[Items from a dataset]
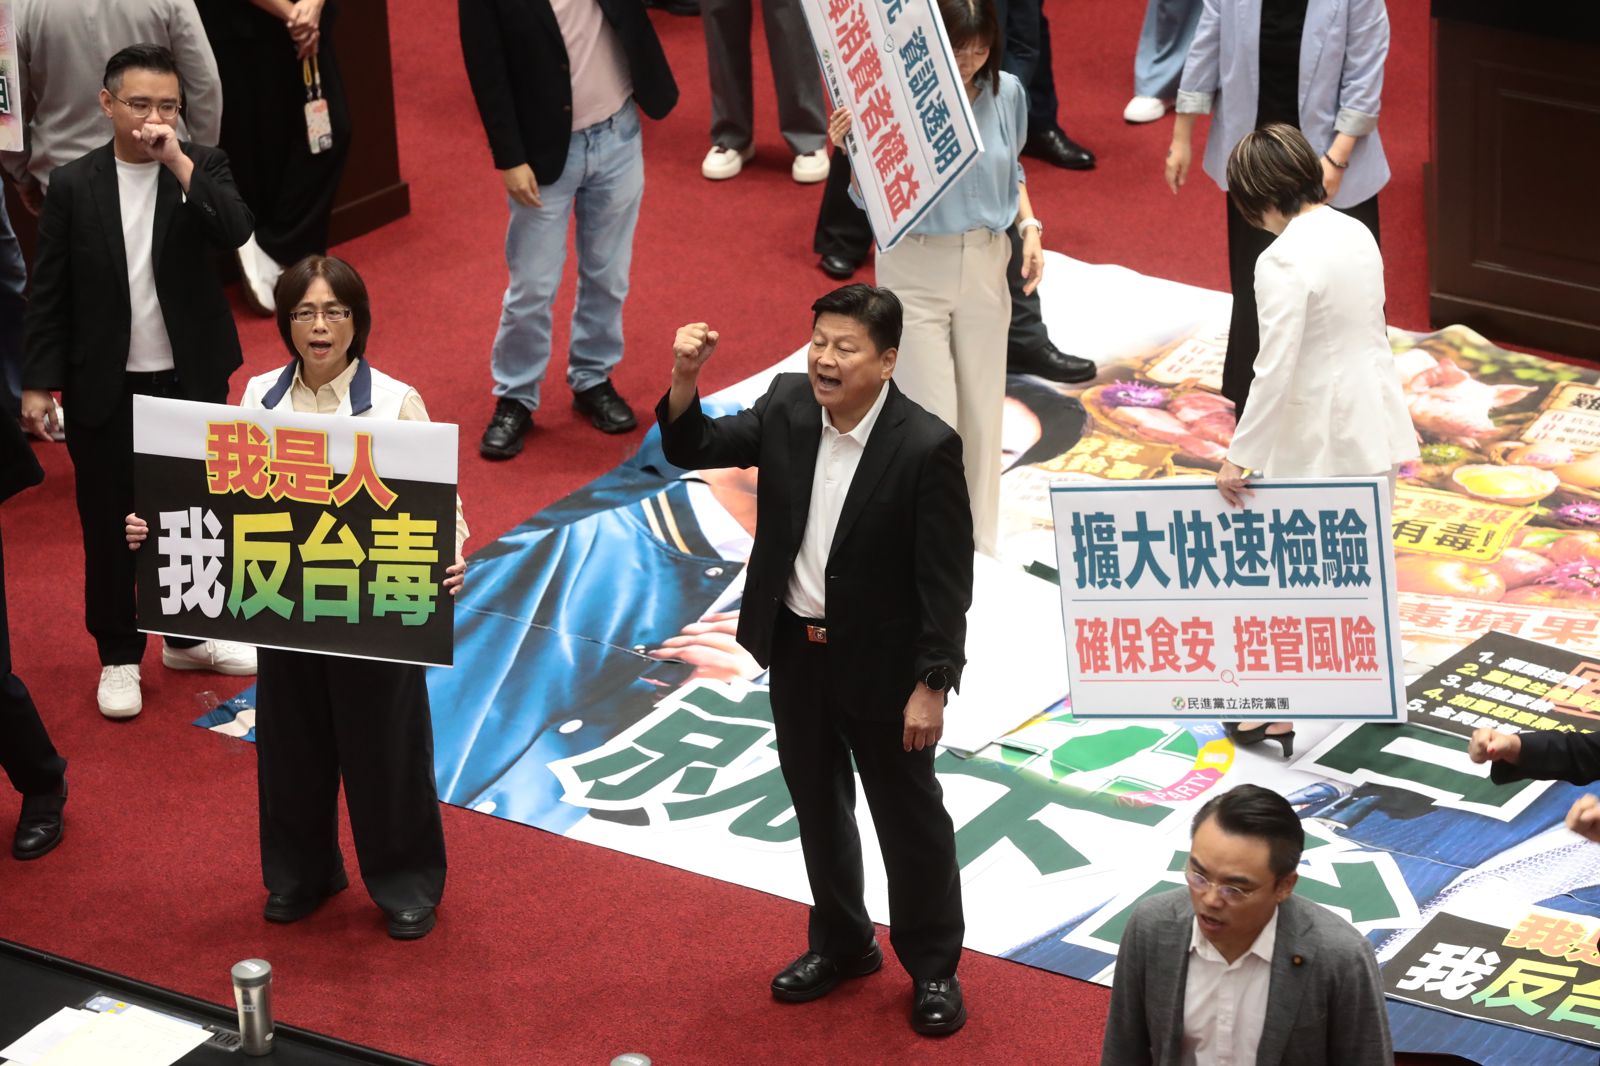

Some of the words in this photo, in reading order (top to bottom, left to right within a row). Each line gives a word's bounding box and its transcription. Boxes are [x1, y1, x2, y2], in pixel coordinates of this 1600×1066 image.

[899, 26, 962, 175] 資訊透明
[206, 420, 398, 511] 我是人
[158, 506, 440, 627] 我反台毒
[1071, 509, 1372, 589] 擴大快速檢驗
[1075, 617, 1217, 675] 確保食安
[1233, 615, 1379, 673] 控管風險
[1187, 697, 1290, 710] 民進黨立法院黨團
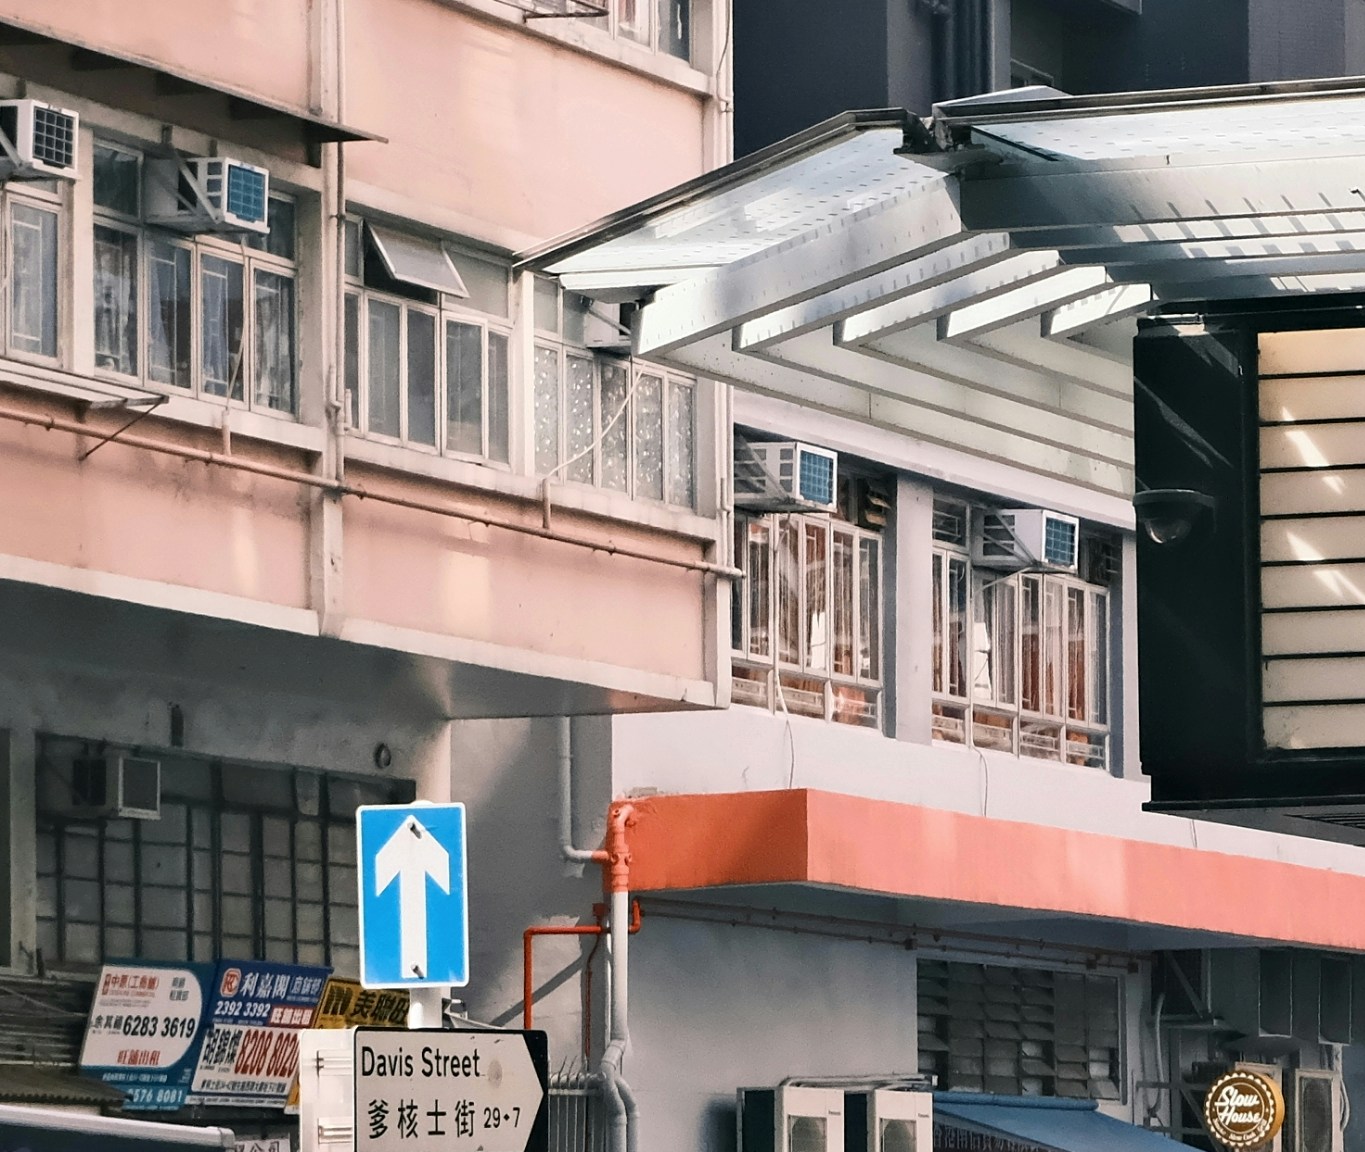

THE PROBLEM:
Without altering anything, output all the lines above but none of the images.

REPLY:
Some of the words in this photo, in reading order (top to bottom, left to right within a row). Each line gives a word's bounding box and its transcription. Boxes are [x1, y1, x2, y2], in pixel coordinates of this 1600×1066 image.

[899, 26, 962, 175] 資訊透明
[206, 420, 398, 511] 我是人
[158, 506, 440, 627] 我反台毒
[1071, 509, 1372, 589] 擴大快速檢驗
[1075, 617, 1217, 675] 確保食安
[1233, 615, 1379, 673] 控管風險
[1187, 697, 1290, 710] 民進黨立法院黨團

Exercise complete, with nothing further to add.